## PROBLEM DETAILS
Set down exactly, with nothing added, the lines from the one containing "this 1280×1080 image." through the end of the entries.

## DATA RECORDS
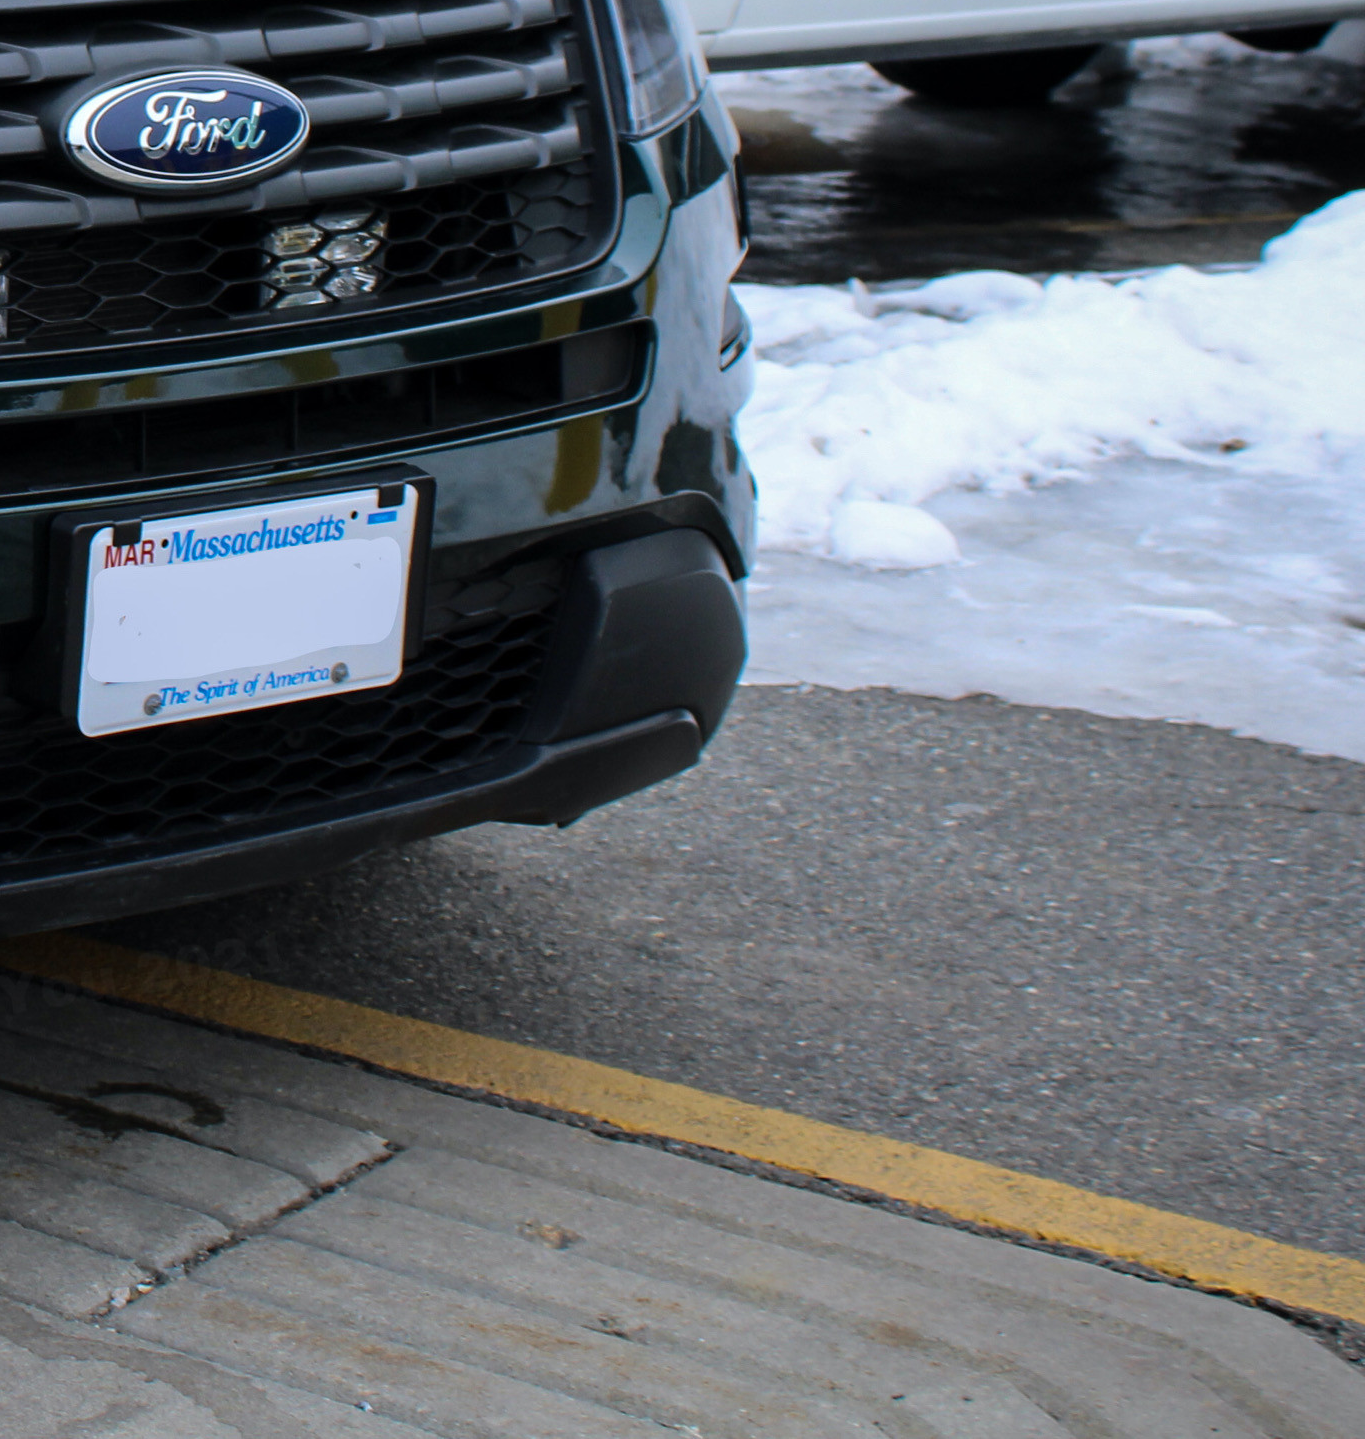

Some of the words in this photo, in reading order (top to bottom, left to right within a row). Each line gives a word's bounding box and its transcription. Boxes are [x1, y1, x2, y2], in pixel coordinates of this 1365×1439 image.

[139, 89, 266, 159] Ford
[104, 538, 155, 569] MAR
[167, 515, 345, 564] Massachusetts
[160, 685, 190, 708] The
[196, 678, 240, 705] Spirit
[244, 674, 260, 697] of
[262, 666, 329, 691] America
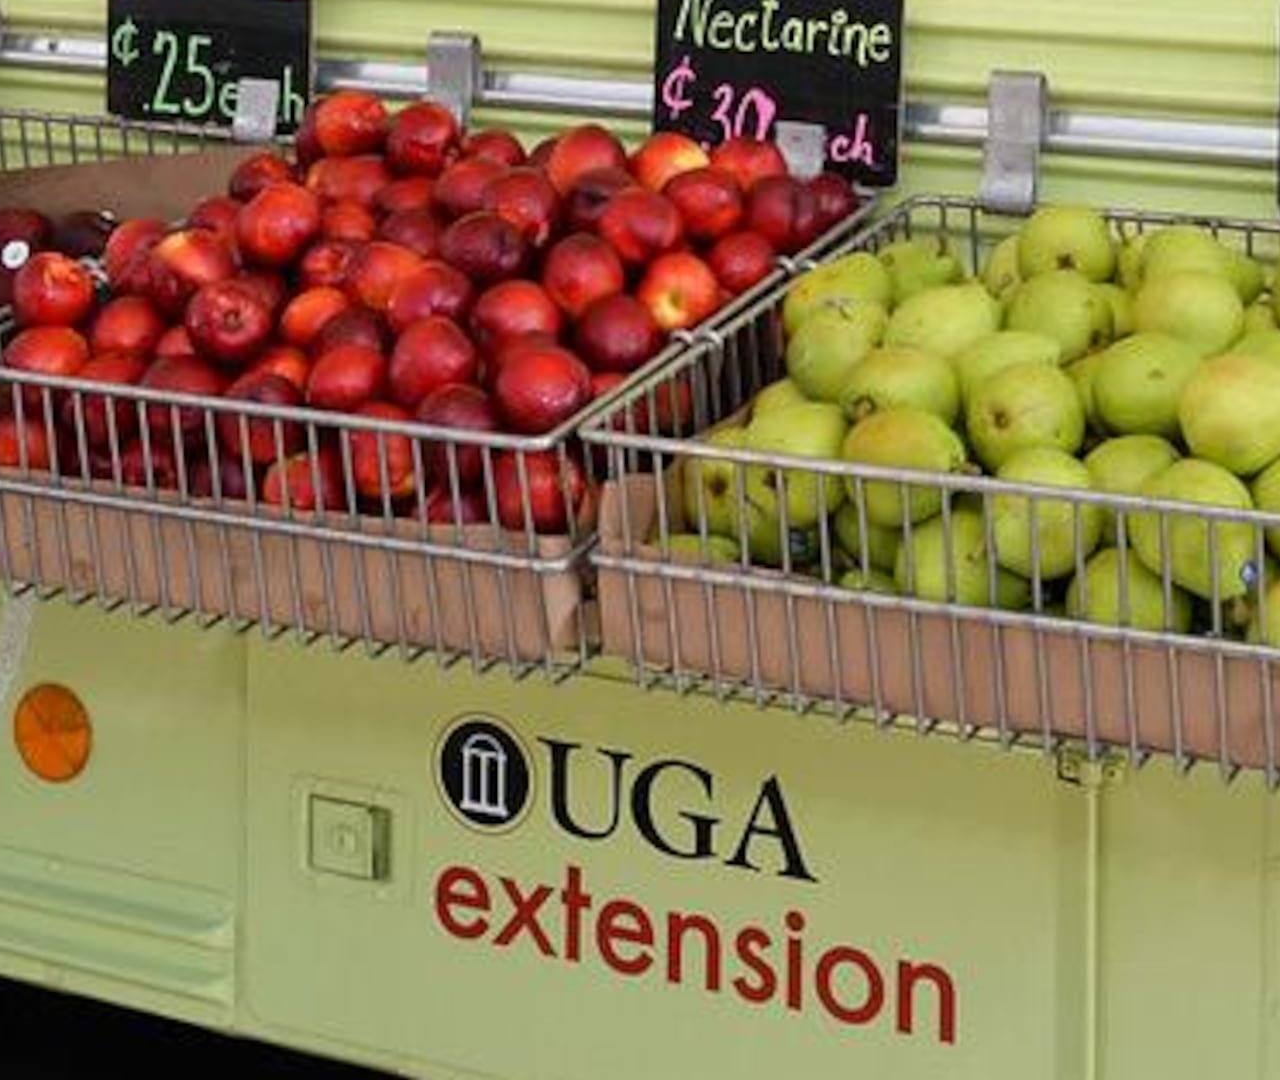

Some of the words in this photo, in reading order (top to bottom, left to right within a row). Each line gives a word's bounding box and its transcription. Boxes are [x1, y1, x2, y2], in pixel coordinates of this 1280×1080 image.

[220, 65, 304, 122] eh
[537, 736, 819, 884] UGA
[434, 865, 958, 1046] extension

## EXERCISE ANSWER
Some of the words in this photo, in reading order (top to bottom, left to right within a row). Each line gives a word's bounding box and its transcription. Boxes are [x1, y1, x2, y2], in pixel coordinates of this 1280×1080 image.

[220, 65, 304, 122] eh
[537, 736, 819, 884] UGA
[434, 865, 958, 1046] extension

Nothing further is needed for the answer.